侍従侍女たちが、クラウス皇帝をはじめローフェンディア御一行さまを宿泊場所へ案内しているあいだ、執務室に戻って残務処理をすることにした。
ローフェンディアの人たちも長旅で疲れているだろうし、少しは部屋で一息着く時間もほしいだろう。
自分の席に着くと思わずため息が漏れた。これから残務処理をしないといけないからじゃない。
心の中にすっきりしないものがこびりついて、どうにも取れなかった。
鉱山見学に向かう馬車に乗り込むとき、見送りに出ていたローフェンディアの官僚の中に、数名だけど明らかに態度のよくない人たちがいたからだった。

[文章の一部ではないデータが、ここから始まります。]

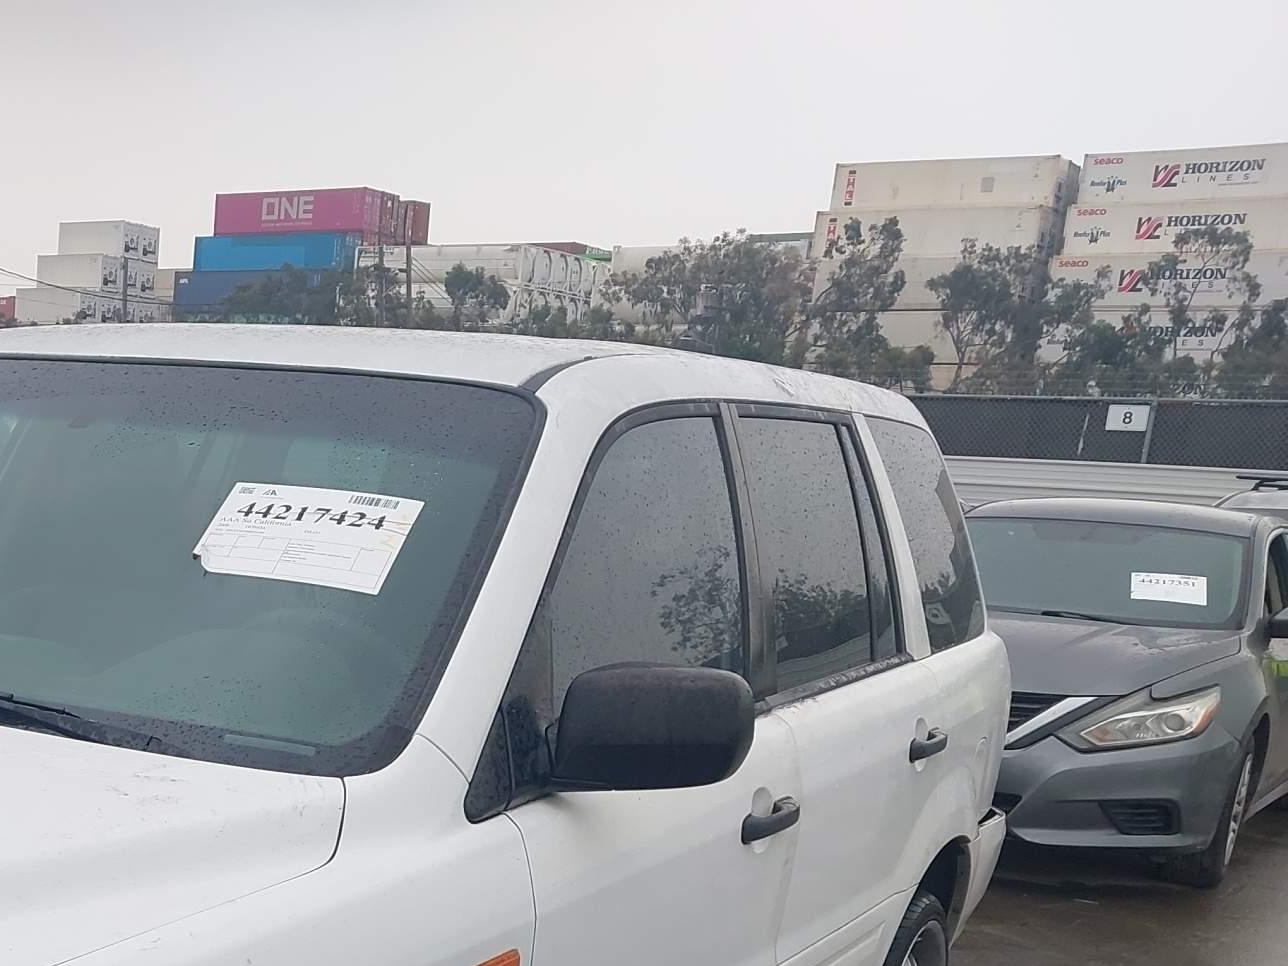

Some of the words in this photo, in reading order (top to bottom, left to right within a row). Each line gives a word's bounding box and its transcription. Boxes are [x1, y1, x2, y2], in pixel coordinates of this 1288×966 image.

[1094, 157, 1123, 165] seaco
[1184, 159, 1266, 174] HORIZON
[1182, 173, 1250, 183] LINES
[262, 195, 314, 220] ONE
[1077, 208, 1107, 217] seaco
[1166, 213, 1248, 227] HORIZON
[1058, 259, 1089, 268] seaco
[1122, 411, 1133, 425] 8
[237, 502, 386, 530] 44217424
[253, 518, 292, 528] California
[1138, 578, 1196, 587] 44217351
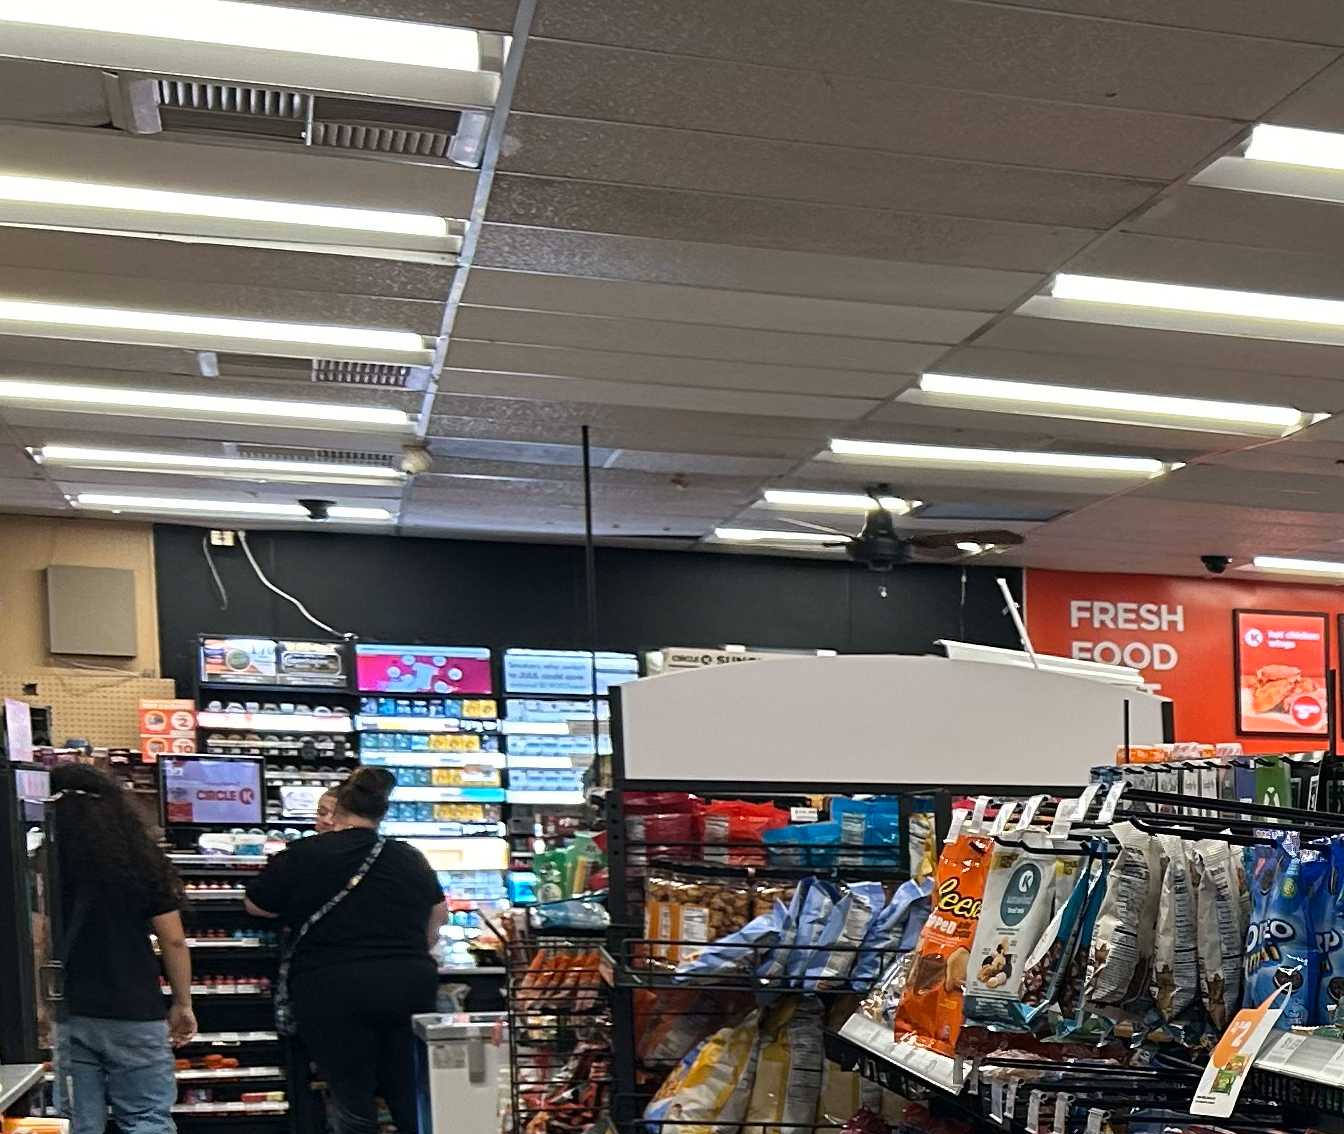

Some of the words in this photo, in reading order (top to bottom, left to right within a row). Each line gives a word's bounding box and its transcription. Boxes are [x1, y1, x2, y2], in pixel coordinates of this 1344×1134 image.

[1070, 600, 1185, 633] FRESH
[1071, 640, 1178, 671] FOOD
[196, 789, 237, 802] CIRCLE
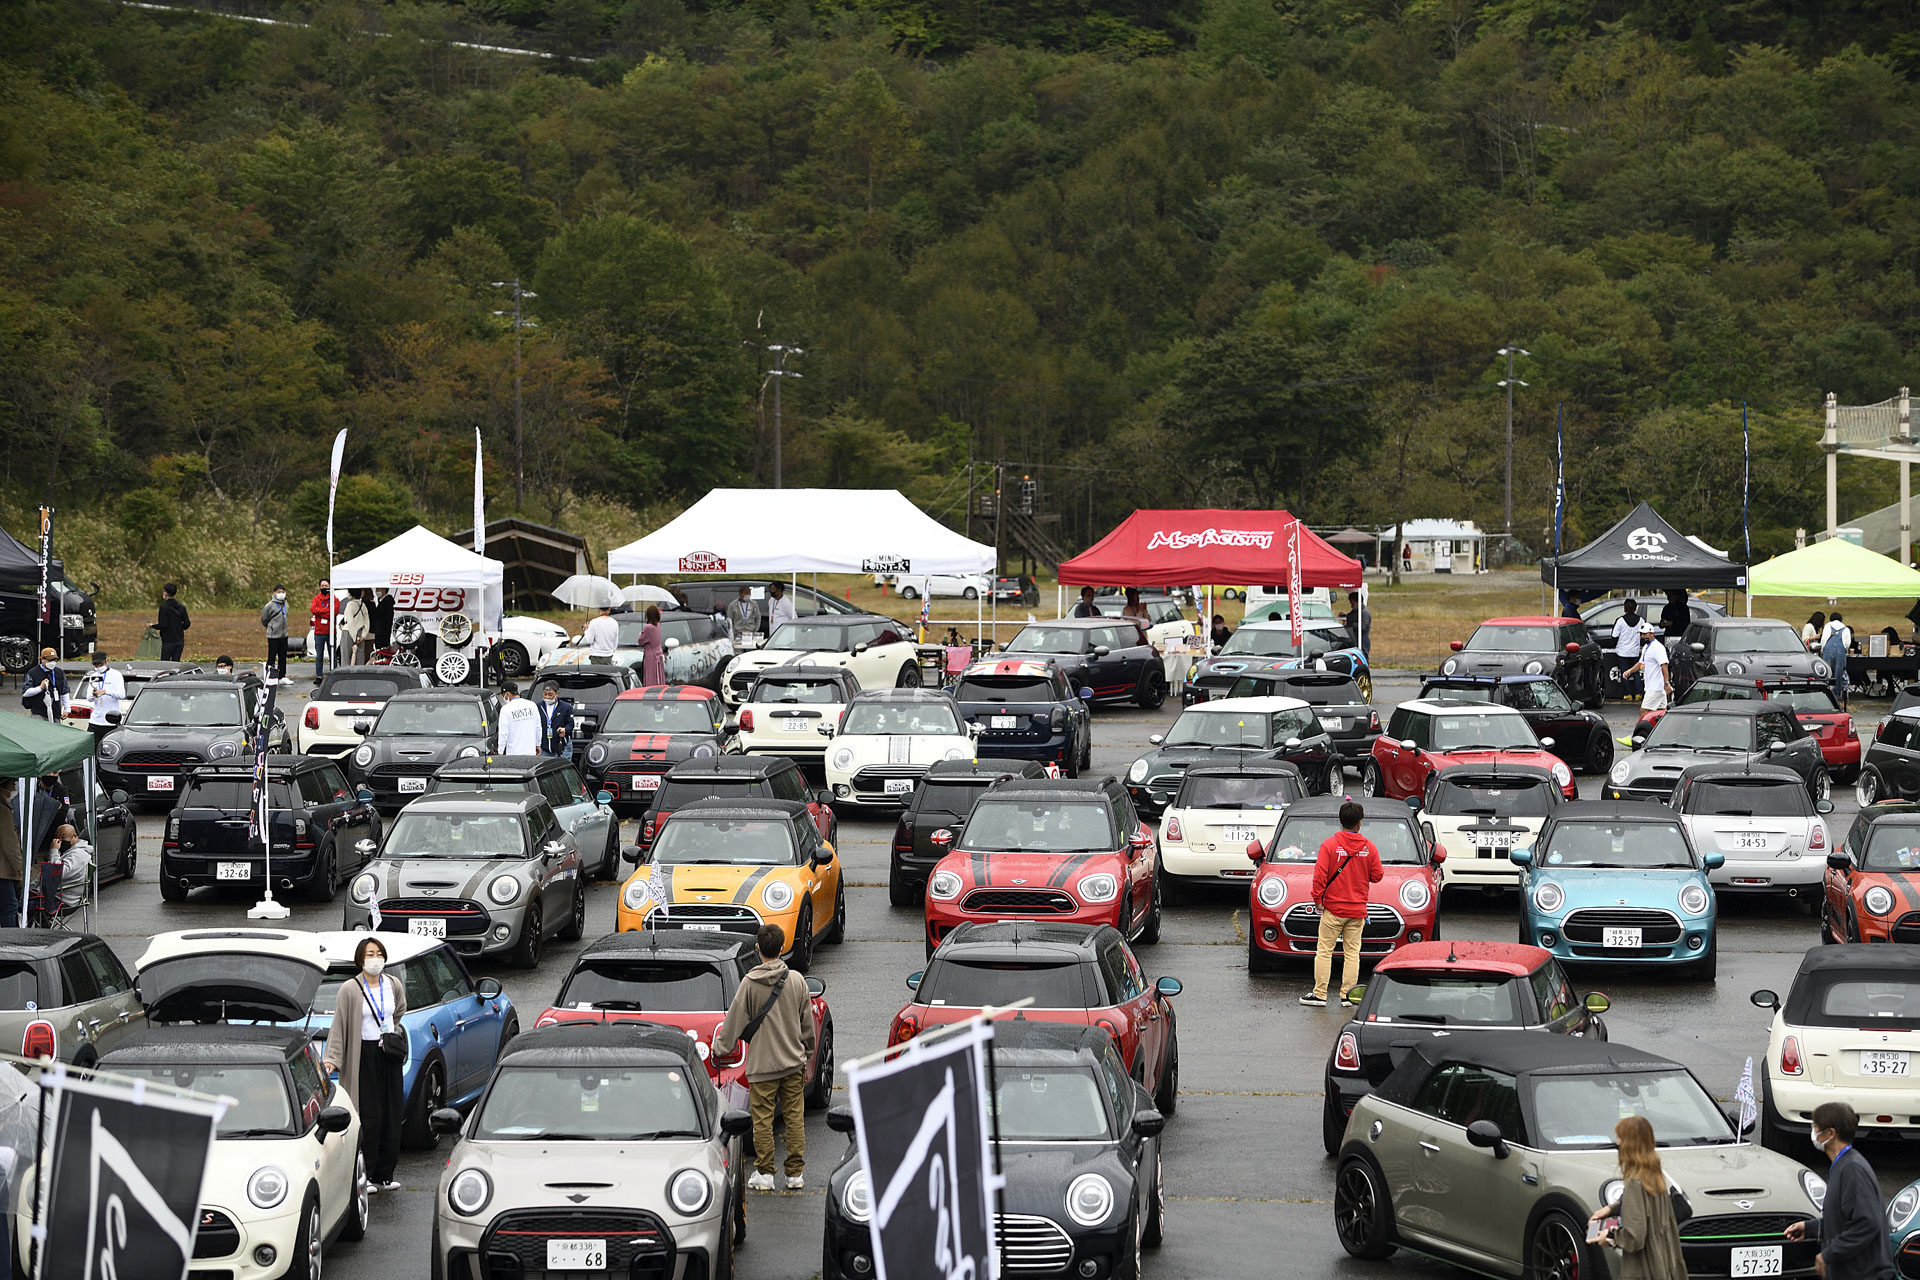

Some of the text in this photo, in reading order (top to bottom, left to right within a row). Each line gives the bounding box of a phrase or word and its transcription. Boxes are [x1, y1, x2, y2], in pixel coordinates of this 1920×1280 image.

[694, 553, 712, 562] MINI
[878, 554, 895, 562] MINI
[390, 573, 424, 584] BBS
[392, 587, 465, 612] BBS
[1231, 832, 1255, 840] 11-29
[1484, 837, 1509, 846] 32-98
[1741, 839, 1766, 848] 34-53
[225, 869, 249, 878] 32-68
[1612, 936, 1640, 945] 32-57
[1871, 1061, 1907, 1074] 35-27
[1744, 1250, 1772, 1258] 大阪330
[1743, 1258, 1780, 1275] 57-32

ララメル女王とタンザ国王との会食の後、私とクラウス皇帝、そしてローフェンディアの大臣たちは、正門前に出て鉱山に向かう馬車を待っていた。
そのときのことだった。
視界の端に引っかかるものを感じてそちらを見やると、ローフェンディアの官僚の何人かが、こちらに不躾な視線を投げつつ、仕事のこととは思えない話に花を咲かせていた。
私だけにそんな態度を取るならまだわかる。
なんでこんな小国の小娘を見送るのに、わざわざ並んでおとなしく待ってなくちゃならんのだ、とか考えているんだろう。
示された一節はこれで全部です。